Mindfulness can help in the journey of healing from the trauma of the past by engaging us in what is happening right now. If you are new to mindfulness but wanting to get started, this blog is for you.
What is mindfulness?
Mindfulness is a tool to bring our attention and focus to the present. It helps us to be conscious of where we are and what we are doing. Whether it’s going for a walk and focusing on our movement, or taking a 5 minute break from work to focus on our breathing.
It’s a proven stress reliever, with benefits on mental wellbeing and sleep. And it can be done at any place, at any time, no equipment needed.
How can mindfulness help survivors of trauma?
Mindfulness is for everyone. It helps us when we feel overwhelmed and stressed. For survivors of trauma, mindfulness can be a free tool to help reduce stress and improve mental wellbeing.
Often, we are reminded of the traumas of the past with anniversary’s and the people in our lives. Mindfulness helps to bring our attention to the now and remind our minds and bodies that we are here now, and we are safe.
Mindfulness is an act of self-care.
Ways to practice mindfulness
Mindfulness does not have to be complicated! It only requires us to pay attention to our body, our breathing, and where we are. You can practice mindfulness as you move through your day.
If you want to schedule time for mindfulness, you might like to try one of these exercises.
Walking meditation
Go for a short walk outside or on a treadmill and make the choice to focus on your body as you move. Focus on the feeling of your feet as they make contact with the ground, one after the other.
What other sensations do you feel as you walk? Do your arms swing by your sides? Do you feel a cool breeze on your skin? These are all questions you can ask yourself as you walk mindfully.
Sitting or lying down meditation
Get into a comfortable position (seated or lying down) and bring your full attention to your body and breathing. Close your eyes if you feel comfortable. You might like to start breathing in through your nose and out through your mouth. Notice how your chest rises and falls with each inhalation and exhalation. If your mind wanders, make a note and keep going with your meditation.
Body scan
Get into a comfortable position where you will not be interrupted. You can do a body scan seated or lying down but lying down with your palms face-up is best.
Close your eyes. Now imagine there are rays of sunshine shining down on your toes. Slowly, these rays of sunshine move up from your toes to your calves, and then to your thighs, slowly reaching your pelvis, then abdomen, and moving to your open palms, up your arms, to your chest, shoulders and finally reaching your head.
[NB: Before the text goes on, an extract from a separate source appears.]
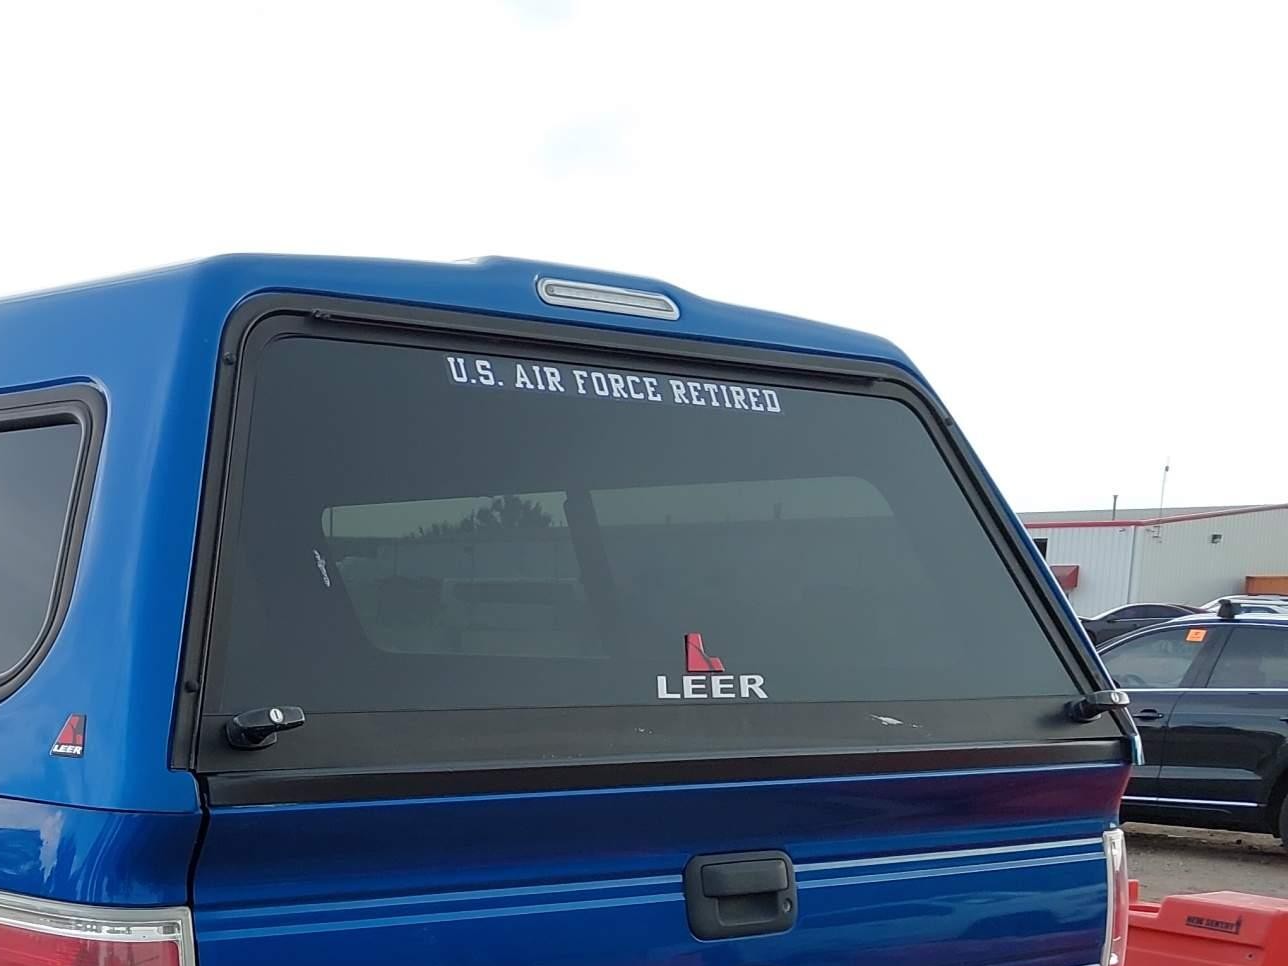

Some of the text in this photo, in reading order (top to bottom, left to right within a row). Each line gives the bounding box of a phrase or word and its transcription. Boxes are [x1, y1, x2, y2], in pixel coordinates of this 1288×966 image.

[446, 356, 782, 413] U.S. AIR FORCE RETIRED
[656, 674, 769, 699] LEER
[52, 744, 83, 755] LEER
Now scan again from head to toe, slowly, feeling the warmth of the rays of sunshine at each part of your body like you did in the scan from your toes to your head.
Mindfulness is one of the tools in our toolkit that can help to reduce stress and improve mental wellbeing. It’s an act of self-care that you can do anywhere for free. There are also free, guided meditations and mindfulness exercises on YouTube if you would like a guided experience. This can be helpful for beginners.
One last thing, when you are practicing mindfulness, make sure you provide yourself a judgement-free zone. Our minds wander and that is okay. If you lose your focus when practicing mindfulness, acknowledge this and keep going with your mindfulness exercise.